Но зачем это делать в перенаселенной гостинице, т. е. почти прилюдно? – пыталась я проломить железную логику политически продвинутых собеседников. Они же (Власть) запросто могли Есенина арестовать, скажем, по делу его давнего, еще с дореволюционных лет, приятеля, «крестьянского поэта» Алексея Ганина, связавшегося по дурости с «русскими фашистами», да и прикончить на законных основаниях в подвалах Лубянки? Или сорганизовать «кабацкую пьяную драку»? Или заслать к черту на рога как постоянного автора левоэсеровских изданий? Известно, например, что Виктор Шкловский, человек не робкого десятка, в разгар гонения на эсеров, с которыми был как-то связан, опасаясь ареста, сделал ноги и вернулся на родину лишь года через два. Да и то по возвращении вынужден был испрашивать у Высшей Власти справку о лояльности. В «Записках» Лидии Гинзбург этот анекдот изложен так: «В свое время Шкловский был на примете у ГПУ. Ему очень надоело мотаться, спасаясь от преследований. В один прекрасный день он поймал Троцкого и попросил дать ему что-нибудь, с чем он мог ходить спокойно. И Троцкий будто бы дал ему бумажку: “Такой-то арестован мною и никаким арестам больше не подлежит”»[5].

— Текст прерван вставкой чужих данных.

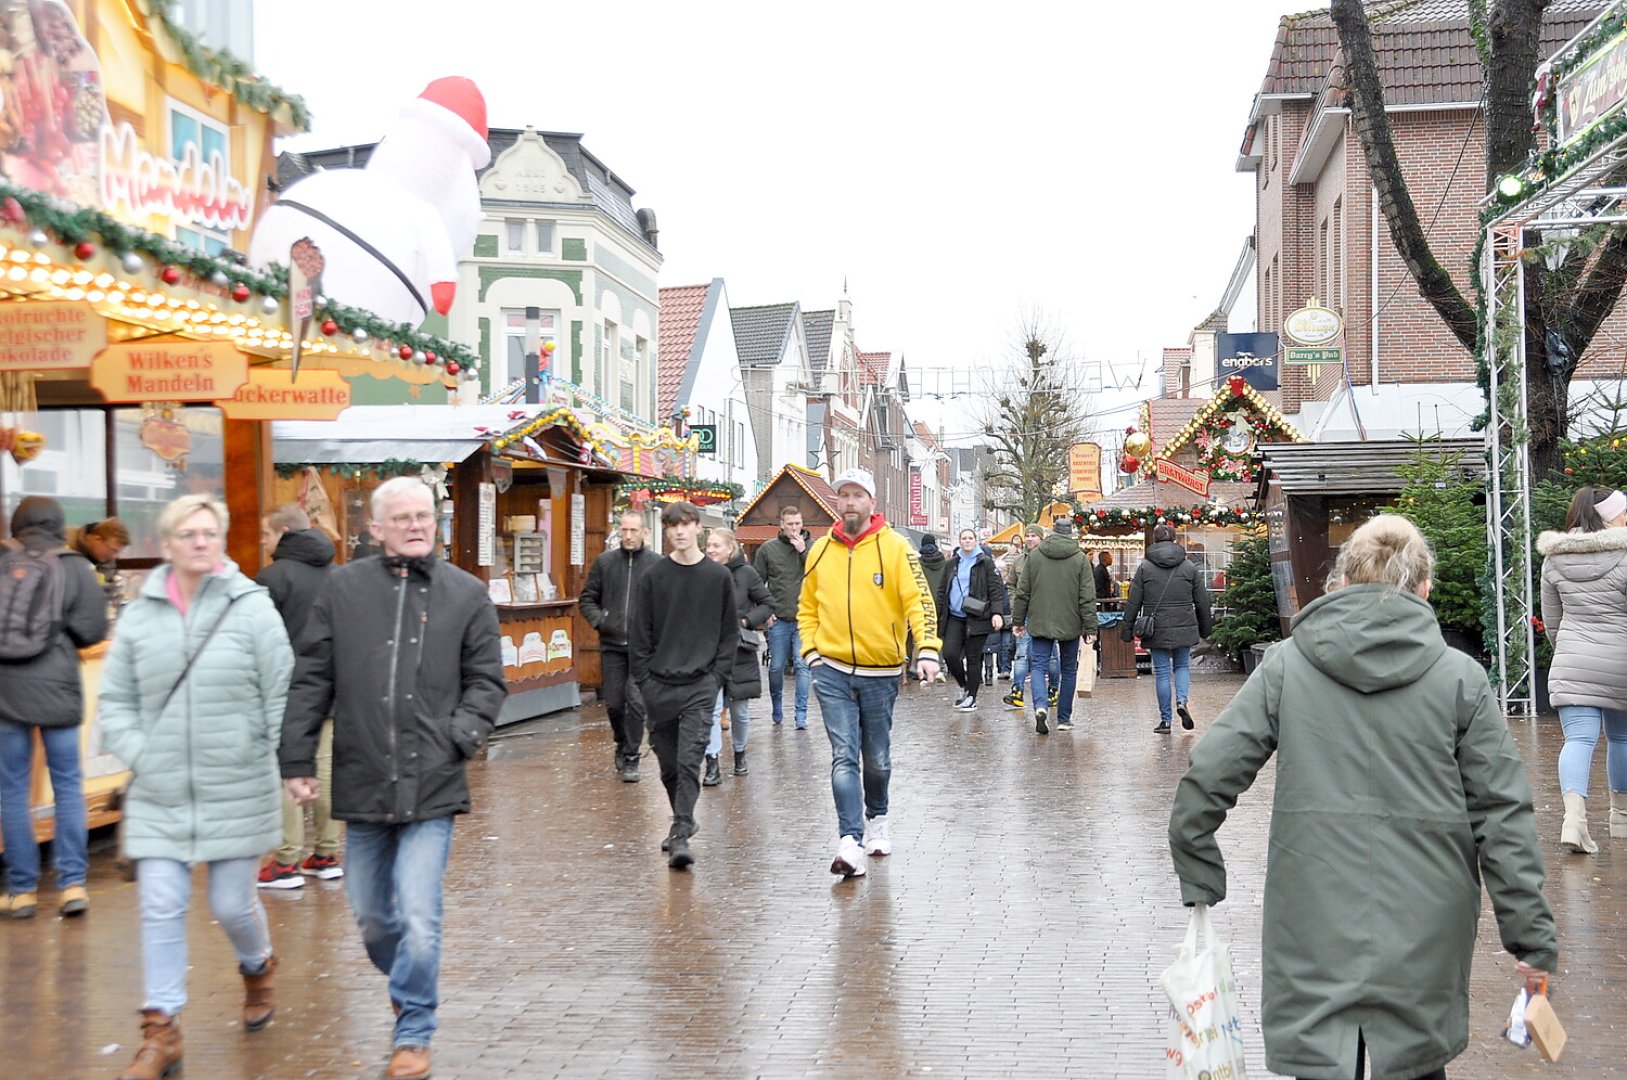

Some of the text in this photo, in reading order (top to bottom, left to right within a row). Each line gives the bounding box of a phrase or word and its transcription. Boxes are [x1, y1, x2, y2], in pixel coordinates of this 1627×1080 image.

[1289, 351, 1339, 361] Darcy's Pub
[127, 374, 214, 394] Mandeln
[235, 385, 347, 405] uckerwatte
[1158, 462, 1205, 492] BRATWURST
[910, 475, 921, 515] schulte

«Ну и что? – продолжали упорствовать продвинутые. – Одно дело какой-то Ганин или молодой, еще никому не известный Шкловский, и совсем другое – Есенин. Его необходимо было изъять из обращения тайно, без особого шума».
Допустим, не сдавалась я, но тогда соизвольте сообразить: зачем при такой установке подписывать в печать трехтомное собрание его поэтических произведений? Вдумайтесь: трехтомное, в самом солидном издательстве страны – Госиздате? Да одного только звонка оттуда было достаточно, чтобы трехтомник навсегда вылетел из плана. И без всяких объяснений. А он, несмотря на финансовые затруднения и нехватку бумаги, продолжал продвигаться к печати. Больше того. Кабы гражданин Есенин был занесен в тайные списки подлежащих изъятию контриков, разве стали бы ему покровительствовать и первый секретарь ЦК Азербайджана Сергей Миронович Киров, и его правая рука Петр Чагин, главный редактор влиятельной партийной газеты «Бакинский рабочий»? А они не только покровительствовали, они с ним возились как с писаной торбой. Когда летом 1925 года Есенин приехал в Баку, его, по настоянию Кирова, поселили на правительственной даче. «Летом 1925 года, – вспоминал Чагин, – я перевез Есенина к себе на дачу. Это, как он сам признавал, была доподлинная иллюзия Персии – огромный сад, фонтаны и всяческие восточные затеи. Ни дать ни взять Персия»[6].